Task: Starting at the line that contains "this 1500×1688 image.", transcribe every remaining line of the data below exactly, and omit all pictures.

Extracted records:
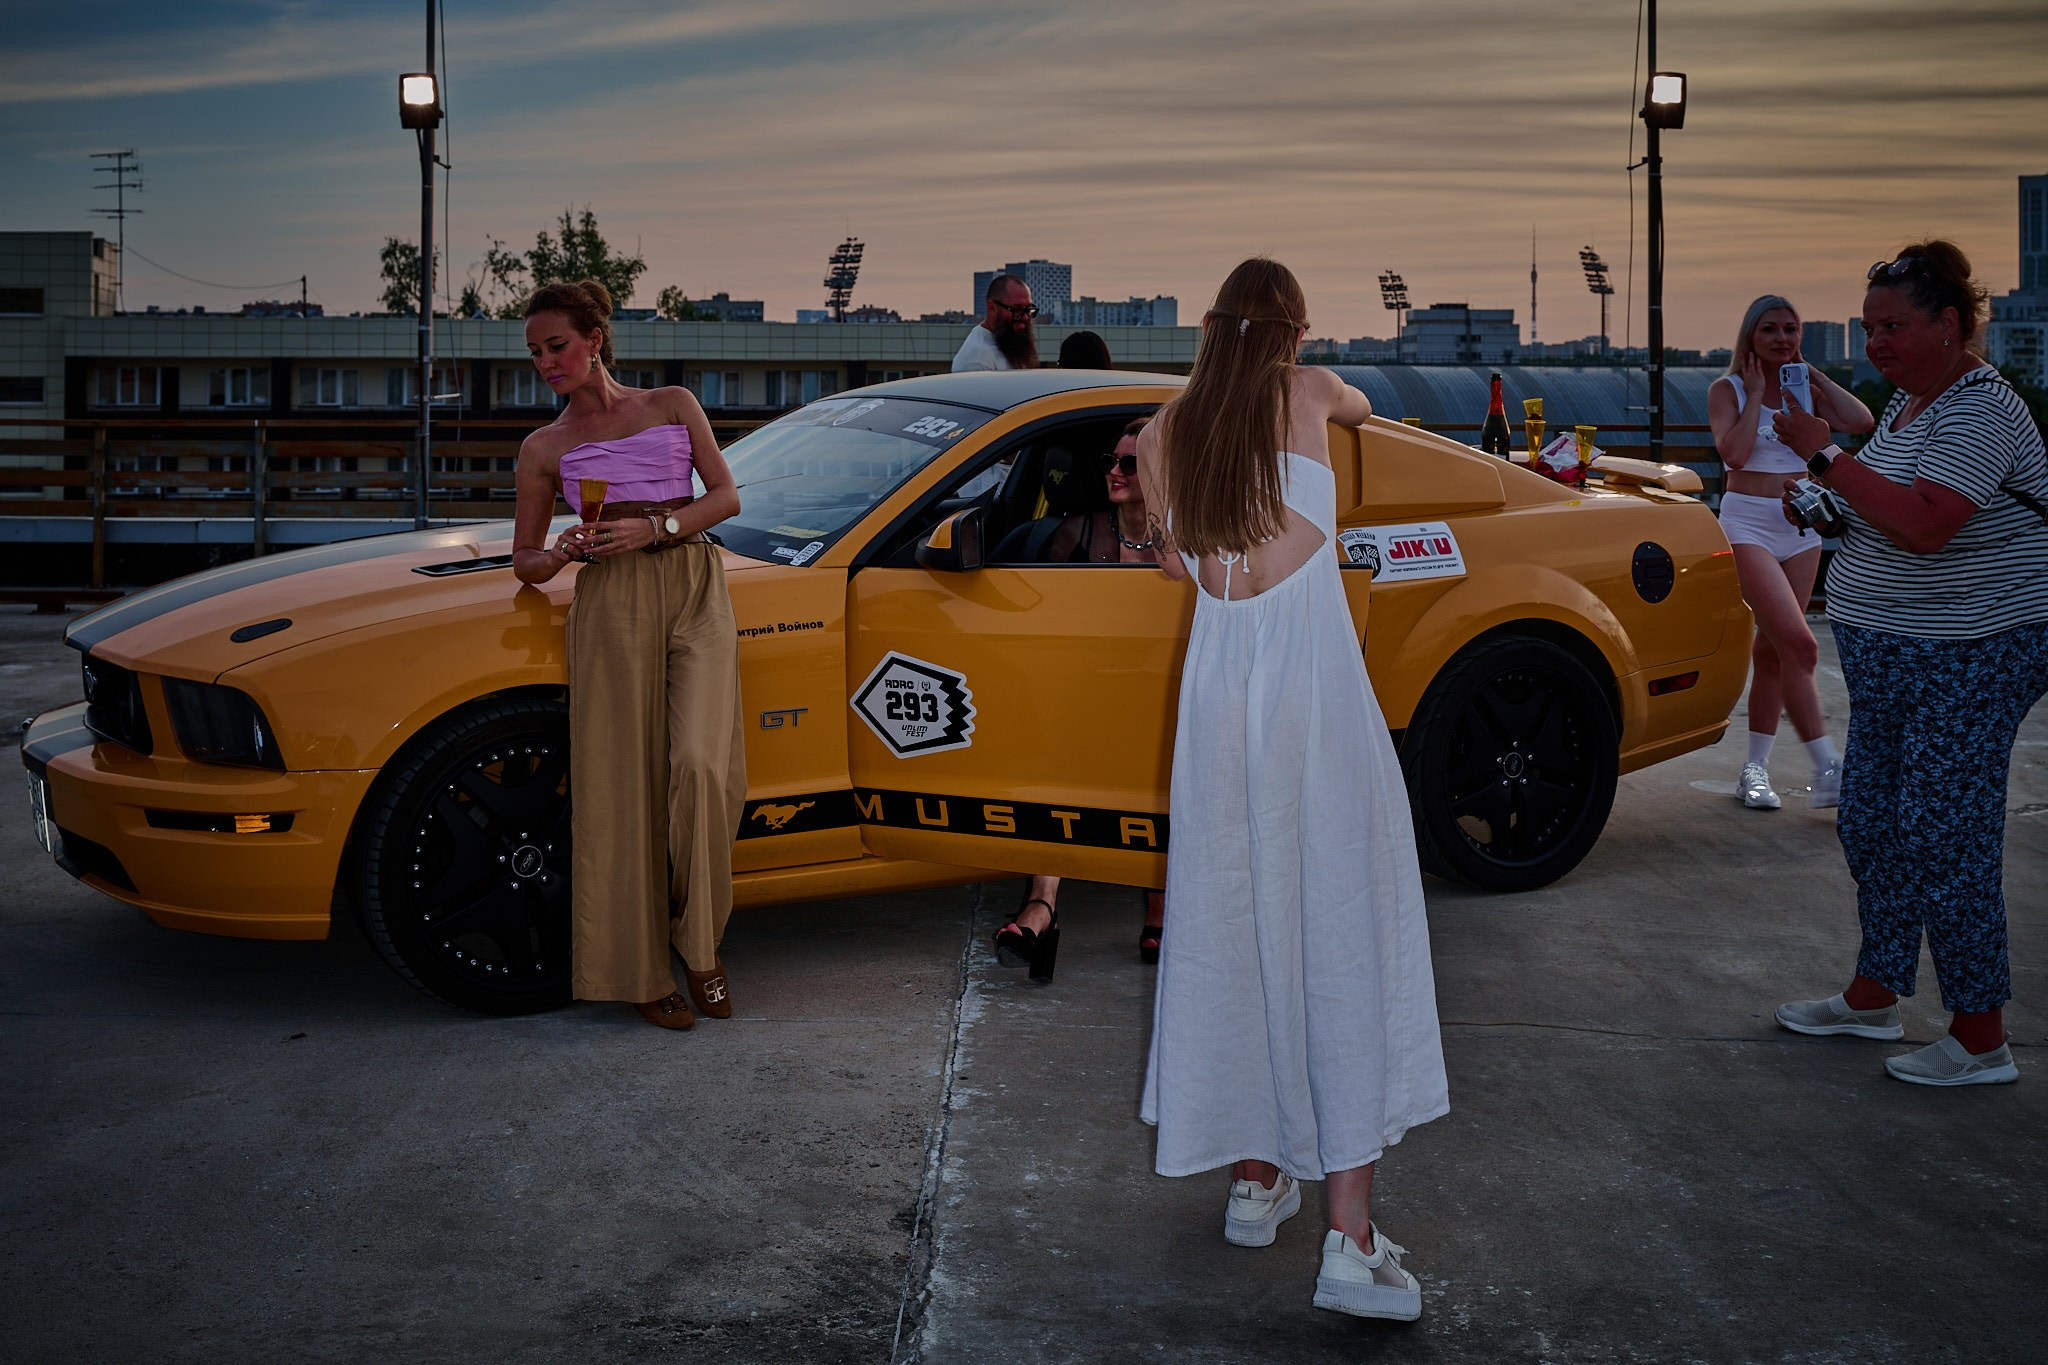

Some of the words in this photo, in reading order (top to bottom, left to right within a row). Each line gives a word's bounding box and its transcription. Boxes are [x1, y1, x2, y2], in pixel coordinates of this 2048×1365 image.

[902, 416, 959, 438] 293
[1389, 538, 1452, 559] JIKIU
[778, 621, 824, 633] Войнов
[886, 691, 939, 722] 293
[761, 708, 809, 729] GT
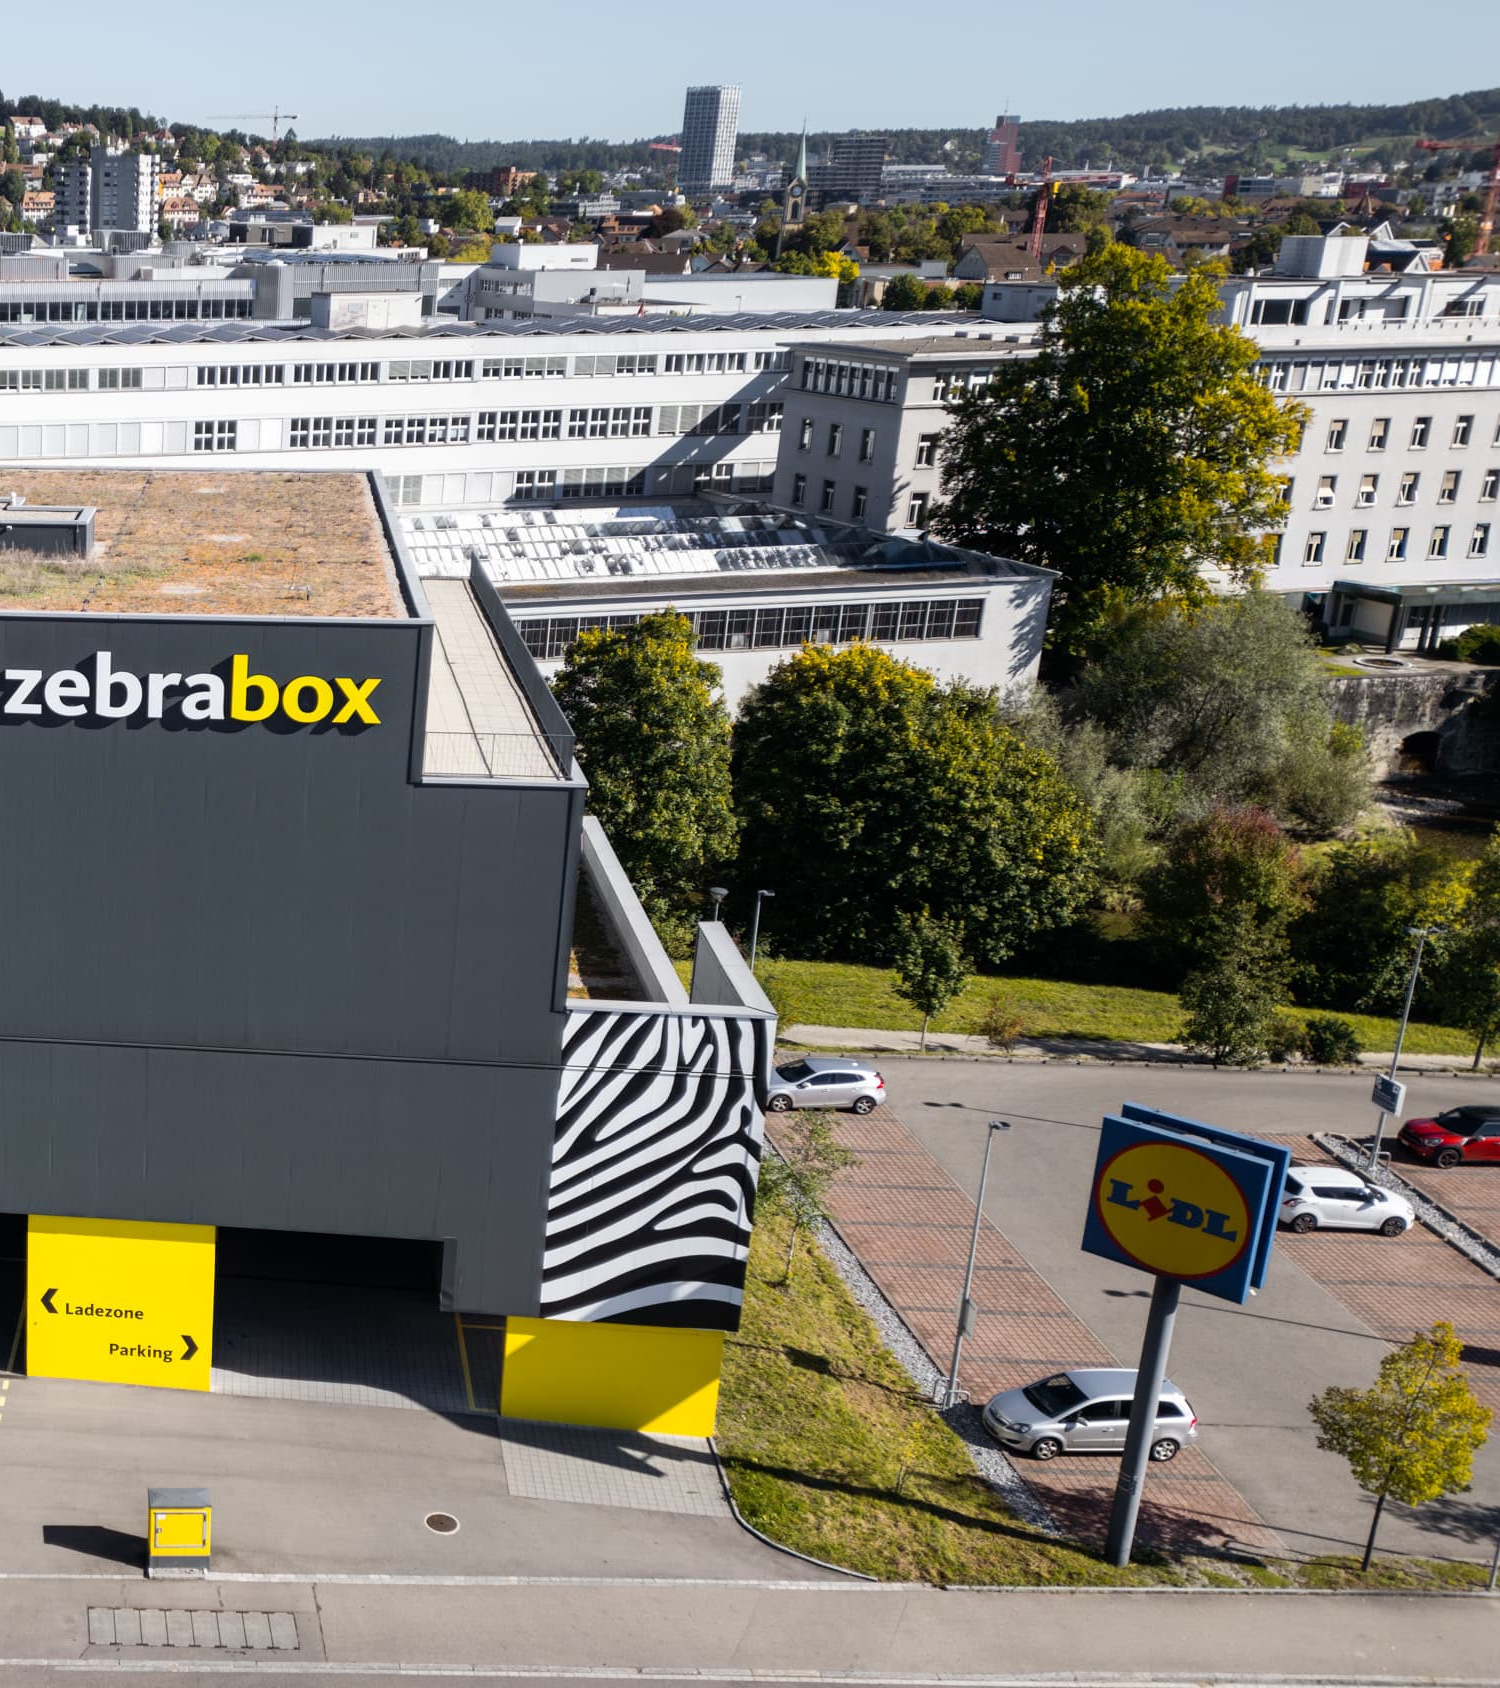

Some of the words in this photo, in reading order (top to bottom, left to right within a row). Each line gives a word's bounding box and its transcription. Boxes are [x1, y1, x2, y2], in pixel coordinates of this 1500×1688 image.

[3, 651, 383, 724] zebrabox
[65, 1302, 144, 1319] Ladezone
[109, 1343, 173, 1363] Parking
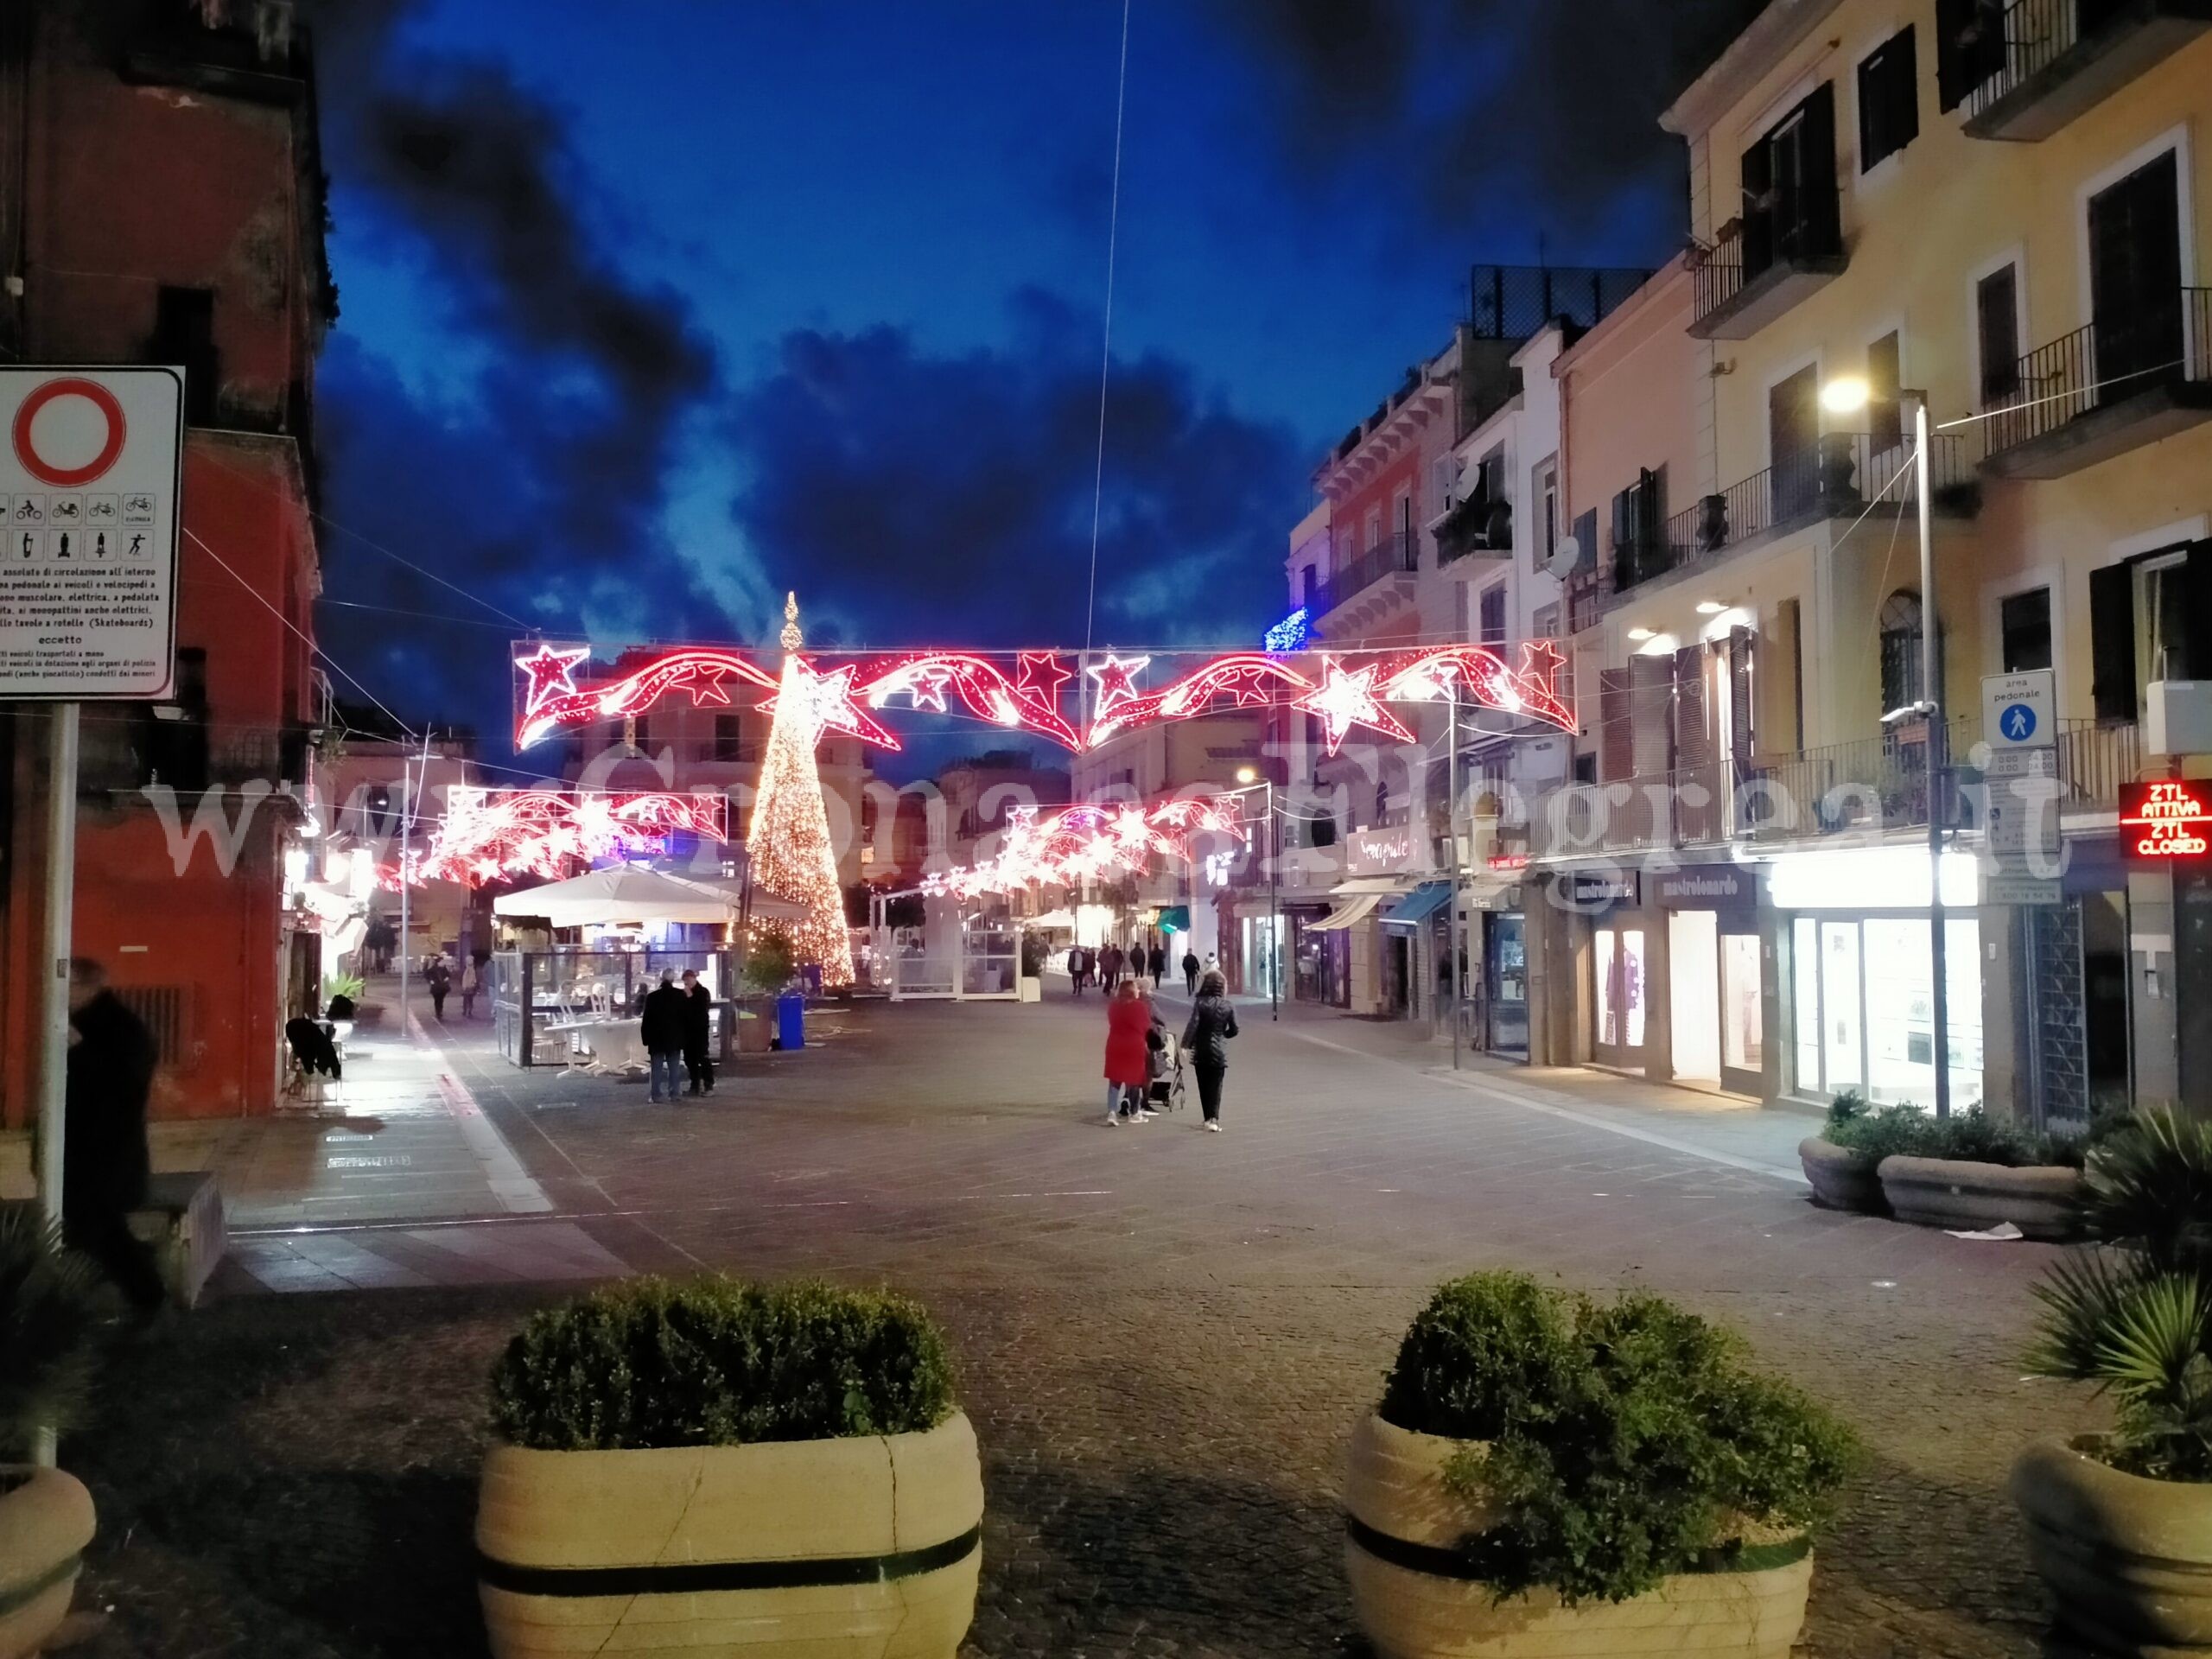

Final answer:
Some of the words in this photo, in reading order (top to bottom, left to right within a row). Each line gives a word's bounding box and its transcription. Boxes are [x1, y1, x2, y2], in pixel coordinates of this 1500×1688 image.

[3, 651, 383, 724] zebrabox
[65, 1302, 144, 1319] Ladezone
[109, 1343, 173, 1363] Parking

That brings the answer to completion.